2. **Ignoring Skills Degradation:** Failing to regularly train personnel on manual operations, leading to lost institutional knowledge when it is critically needed.
3. **Focusing Only on Cyber Offense:** Over-investing in digital defense while neglecting the physical means of response required when digital intelligence is compromised or unavailable.

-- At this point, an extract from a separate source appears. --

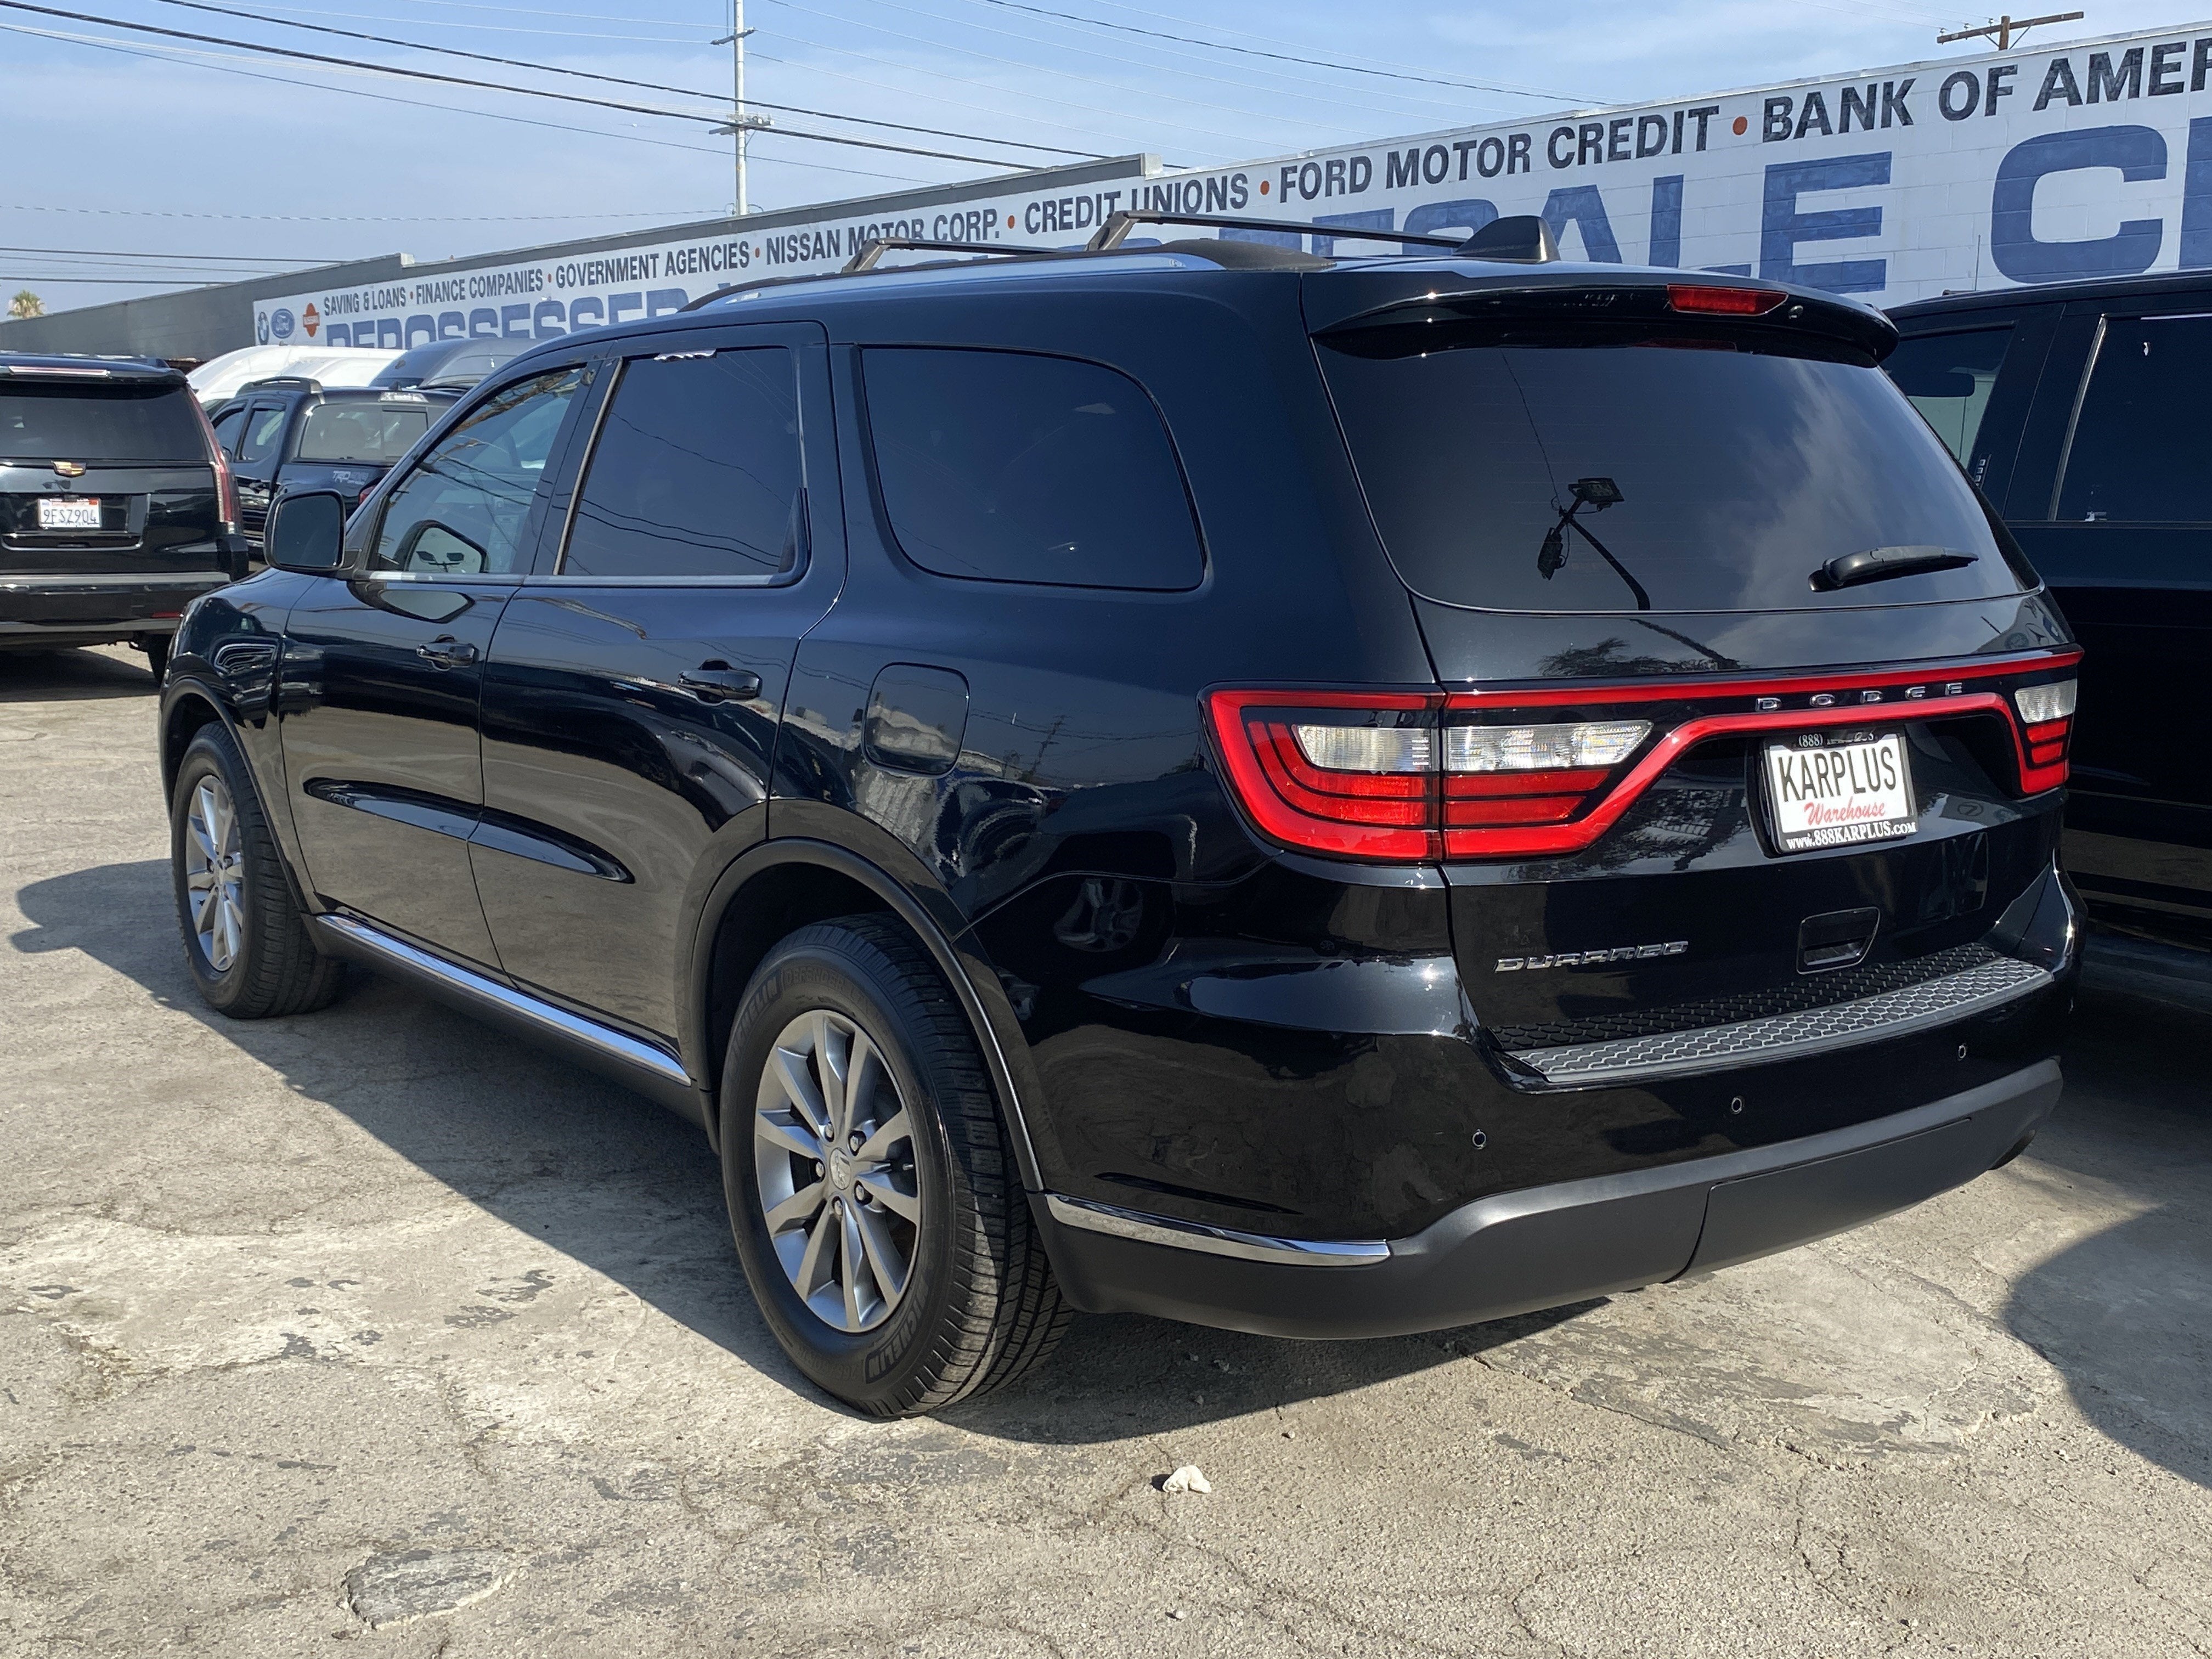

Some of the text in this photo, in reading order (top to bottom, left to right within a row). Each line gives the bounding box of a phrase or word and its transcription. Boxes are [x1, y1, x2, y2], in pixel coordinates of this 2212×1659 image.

4. **Supply Chain Complacency:** Assuming that physical spare parts for manual controls will be readily available, especially given current shortages and high demand for new energy infrastructure components.
## Resources
1. **Edison Electric Institute (EEI) Cyber Focus Podcast Episodes:** Reference recent discussions (specifically those featuring Scott Aaronson) for insight into industry-wide resilience strategy development.
2. **McCrary Institute Publications/Podcasts:** Utilize associated materials for deeper dives into critical infrastructure protection and offensive cyber implications.
3. **Internal/Sector-Specific Mutual Assistance Agreements:** Review existing national and regional pacts regarding the sharing of physical restoration resources following widespread disruption.